#### Records for this task
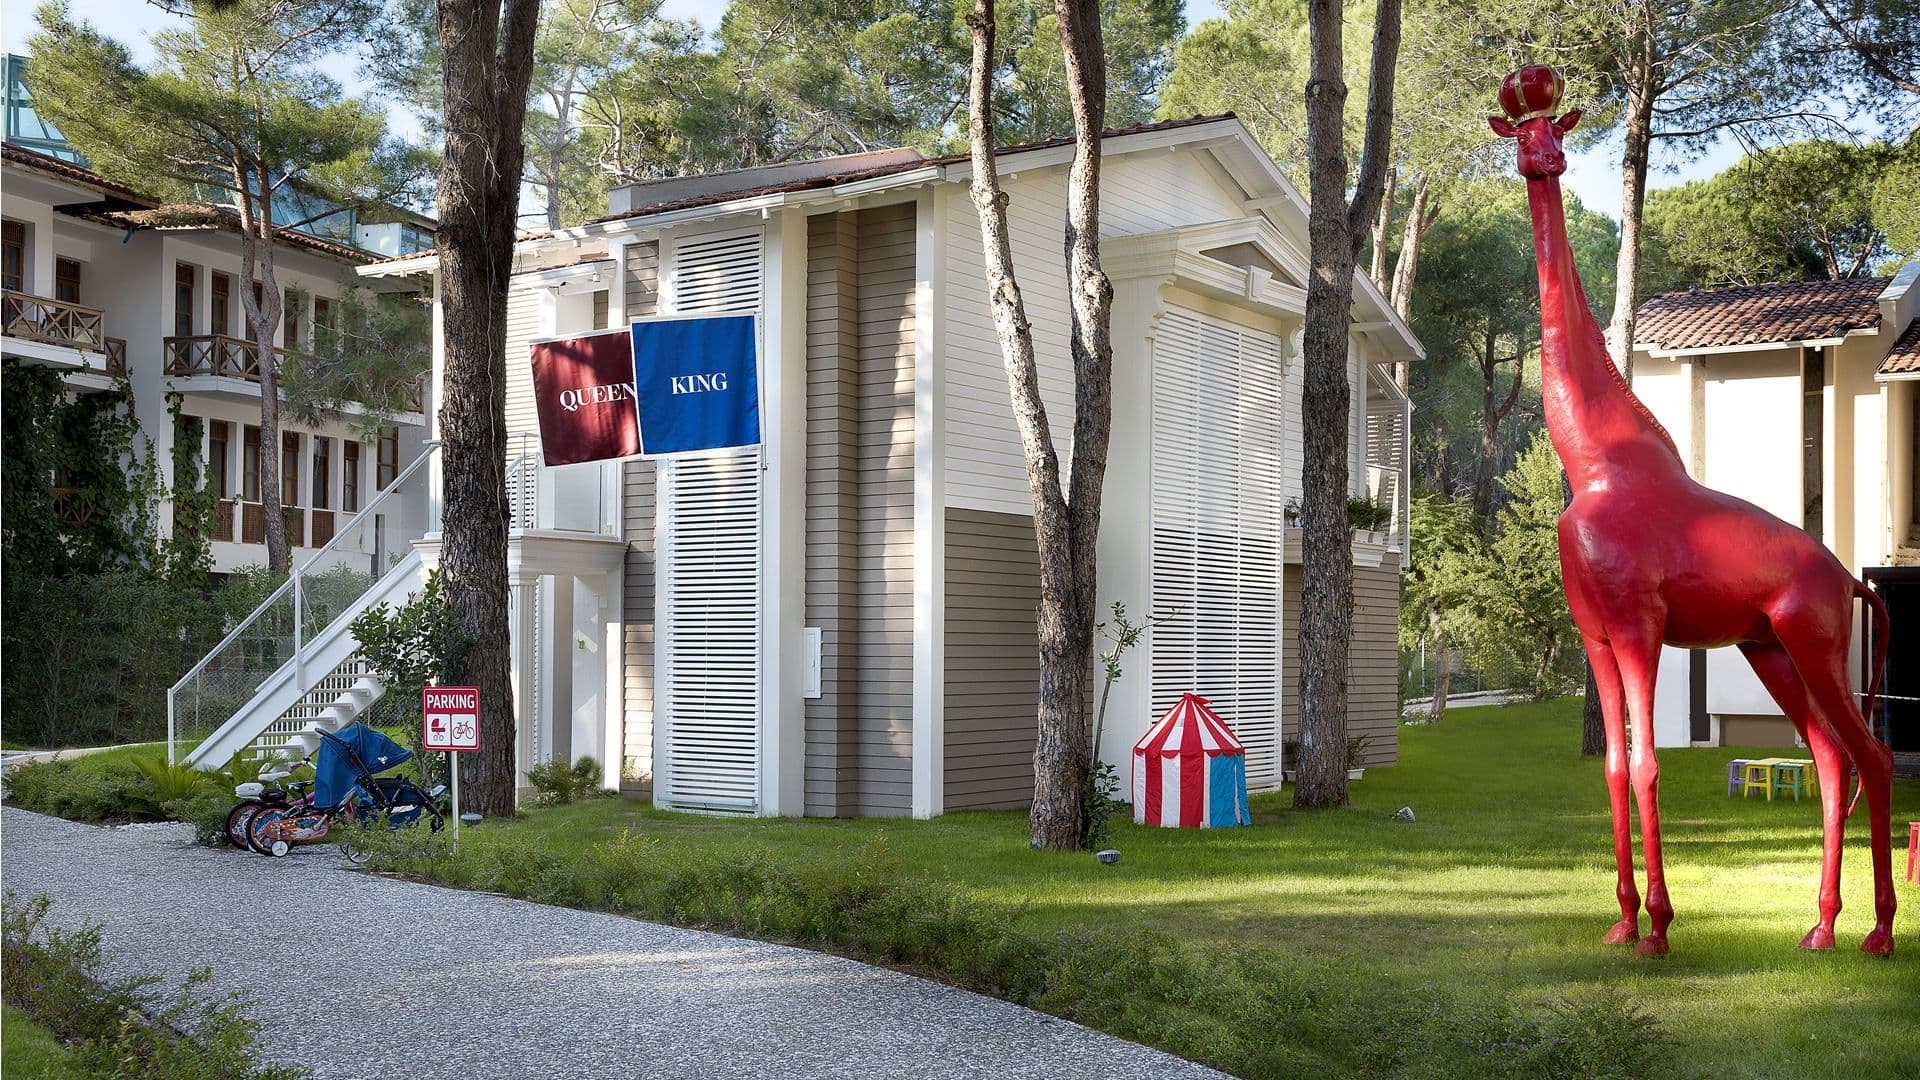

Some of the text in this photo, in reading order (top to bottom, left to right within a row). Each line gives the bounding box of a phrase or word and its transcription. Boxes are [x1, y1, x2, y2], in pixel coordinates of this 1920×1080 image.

[671, 372, 728, 395] KING
[559, 381, 636, 412] QUEEN
[426, 694, 475, 709] PARKING
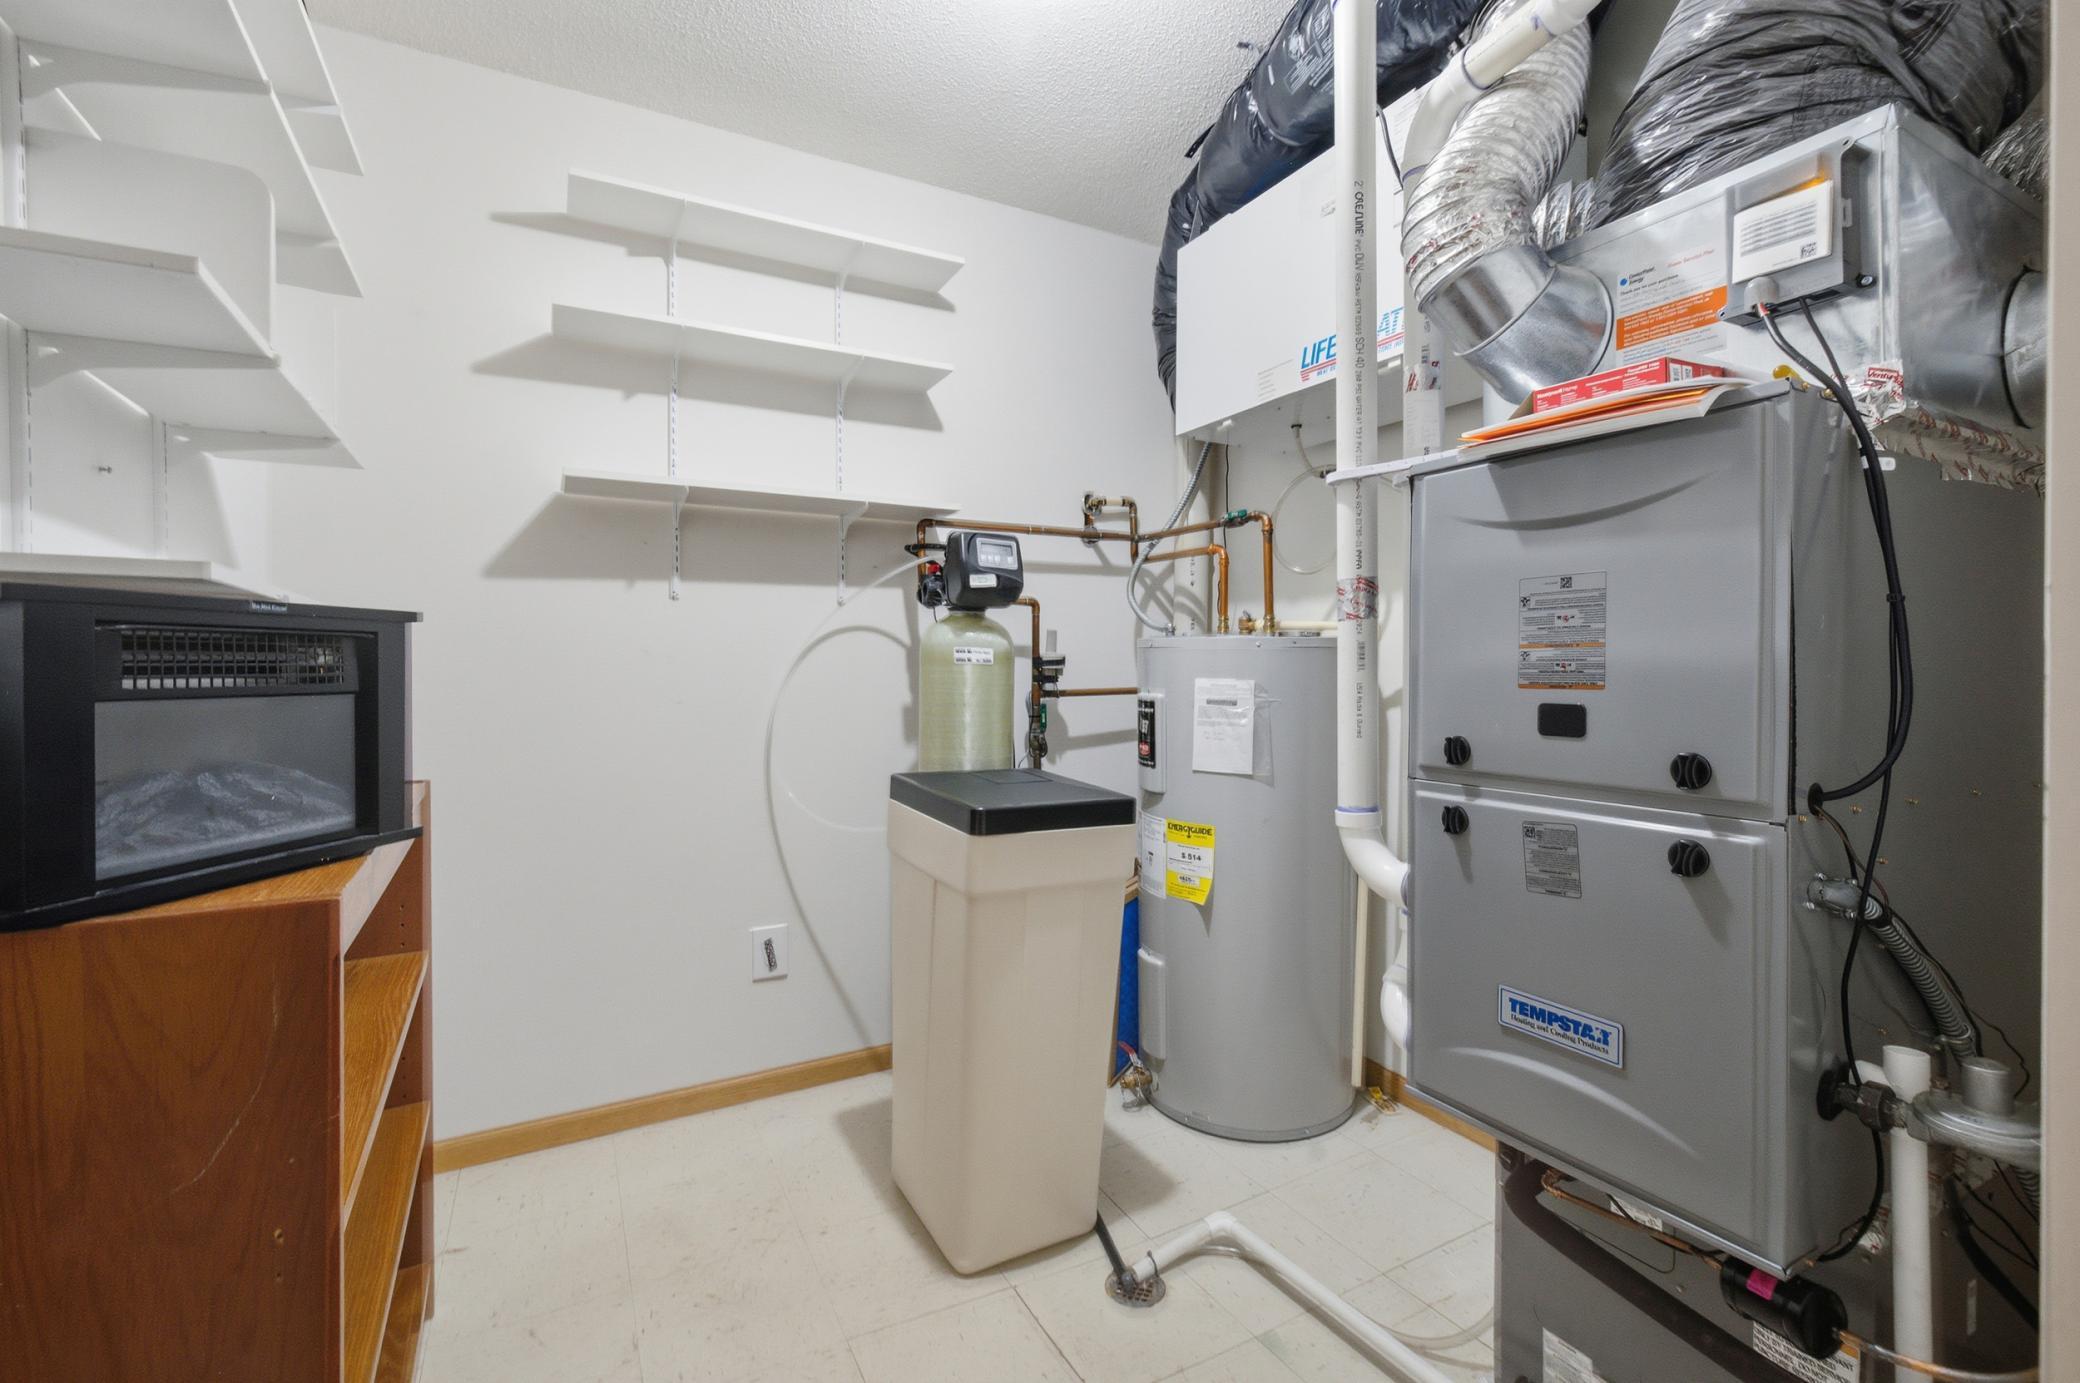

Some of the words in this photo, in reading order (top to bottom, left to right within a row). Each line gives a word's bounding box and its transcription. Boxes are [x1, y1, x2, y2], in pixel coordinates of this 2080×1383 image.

[1354, 336, 1365, 354] SCH
[1354, 356, 1366, 369] 40
[1509, 997, 1612, 1046] TEMPSTAR
[1511, 1013, 1536, 1030] Heating
[1550, 1028, 1577, 1045] Cooling
[1577, 1037, 1609, 1055] Products
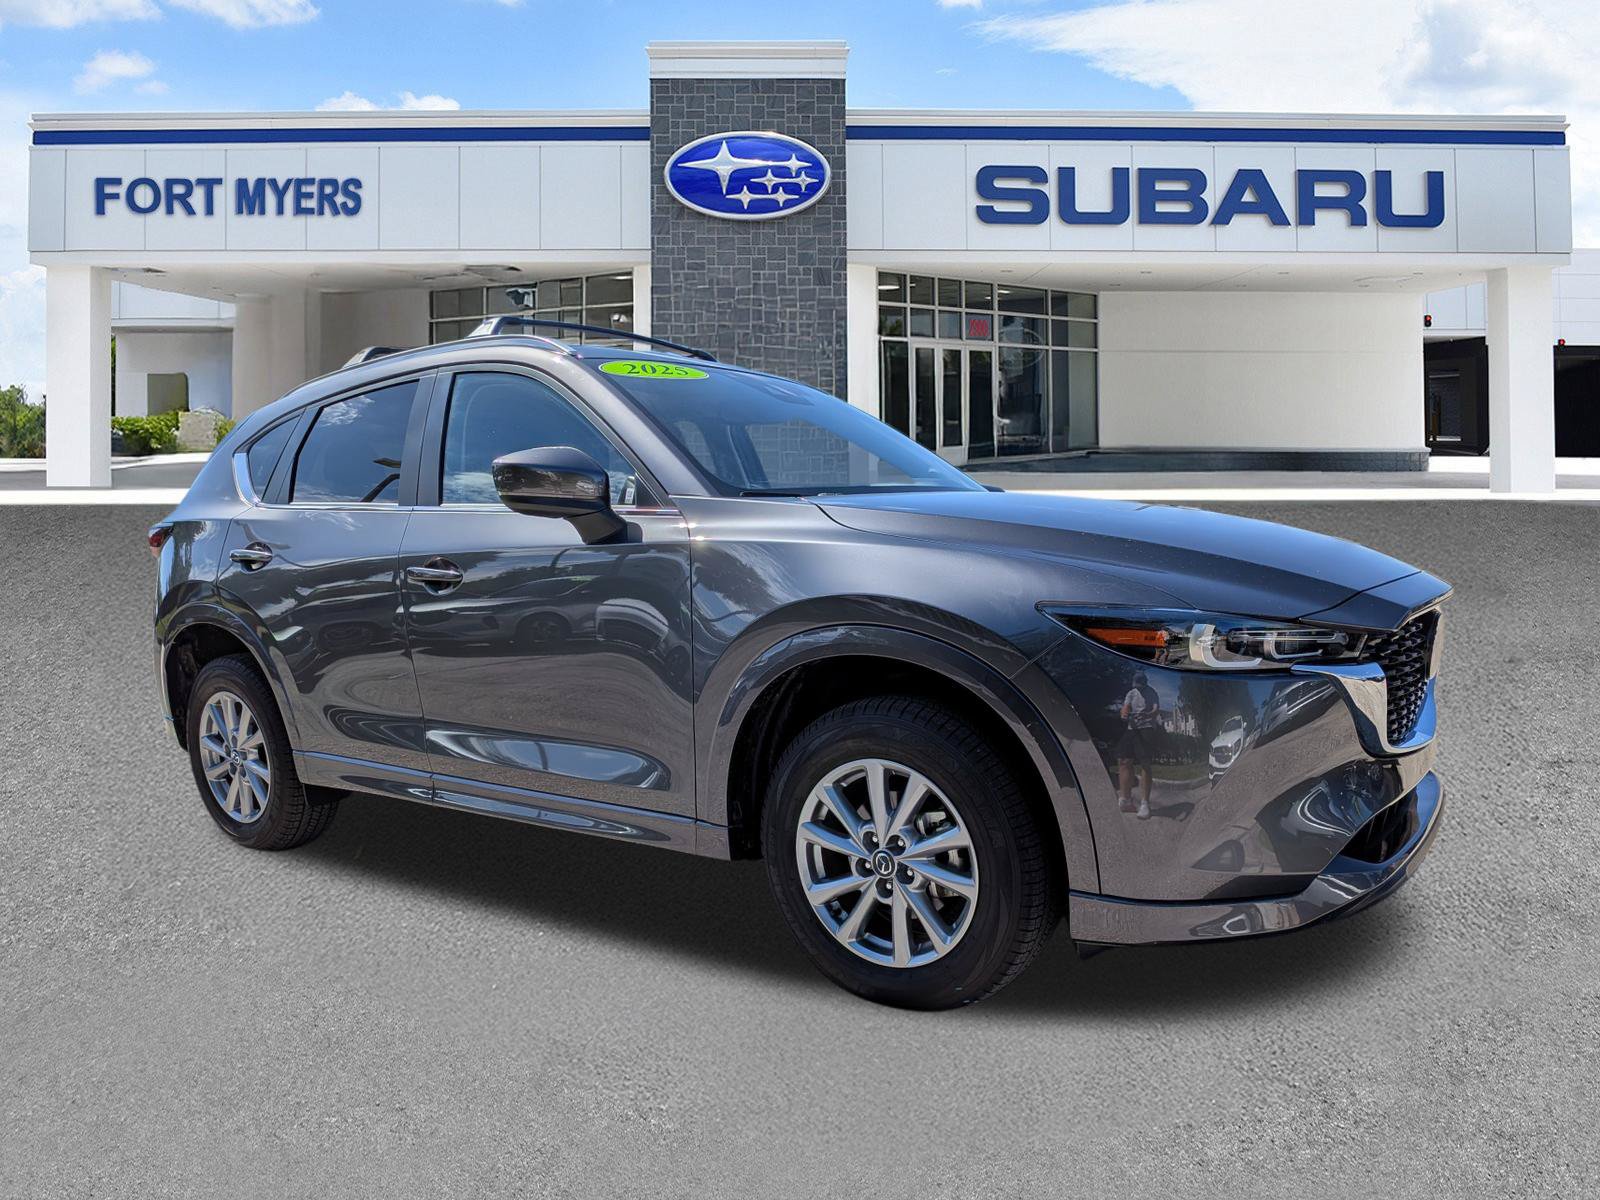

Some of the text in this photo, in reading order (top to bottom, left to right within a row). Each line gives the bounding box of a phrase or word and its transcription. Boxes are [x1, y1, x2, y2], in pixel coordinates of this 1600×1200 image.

[94, 177, 363, 217] FORT MYERS
[975, 164, 1446, 228] SUBARU
[622, 363, 689, 376] 2025

#### Exercise aim
Your answer must be an exact copy of the records above, with no pictures included.

#### Task result
Some of the text in this photo, in reading order (top to bottom, left to right within a row). Each line gives the bounding box of a phrase or word and its transcription. Boxes are [x1, y1, x2, y2], in pixel coordinates of this 1920×1080 image.

[671, 372, 728, 395] KING
[559, 381, 636, 412] QUEEN
[426, 694, 475, 709] PARKING

Some of the words in this photo, in reading order (top to bottom, left to right within a row). Each line gives a word's bounding box and its transcription. Boxes are [x1, y1, x2, y2], in pixel coordinates of this 2080×1383 image.

[1354, 336, 1365, 354] SCH
[1354, 356, 1366, 369] 40
[1509, 997, 1612, 1046] TEMPSTAR
[1511, 1013, 1536, 1030] Heating
[1550, 1028, 1577, 1045] Cooling
[1577, 1037, 1609, 1055] Products

Some of the text in this photo, in reading order (top to bottom, left to right within a row). Each line gives the bounding box of a phrase or word and its transcription. Boxes are [x1, y1, x2, y2], in pixel coordinates of this 1600×1200 image.

[94, 177, 363, 217] FORT MYERS
[975, 164, 1446, 228] SUBARU
[622, 363, 689, 376] 2025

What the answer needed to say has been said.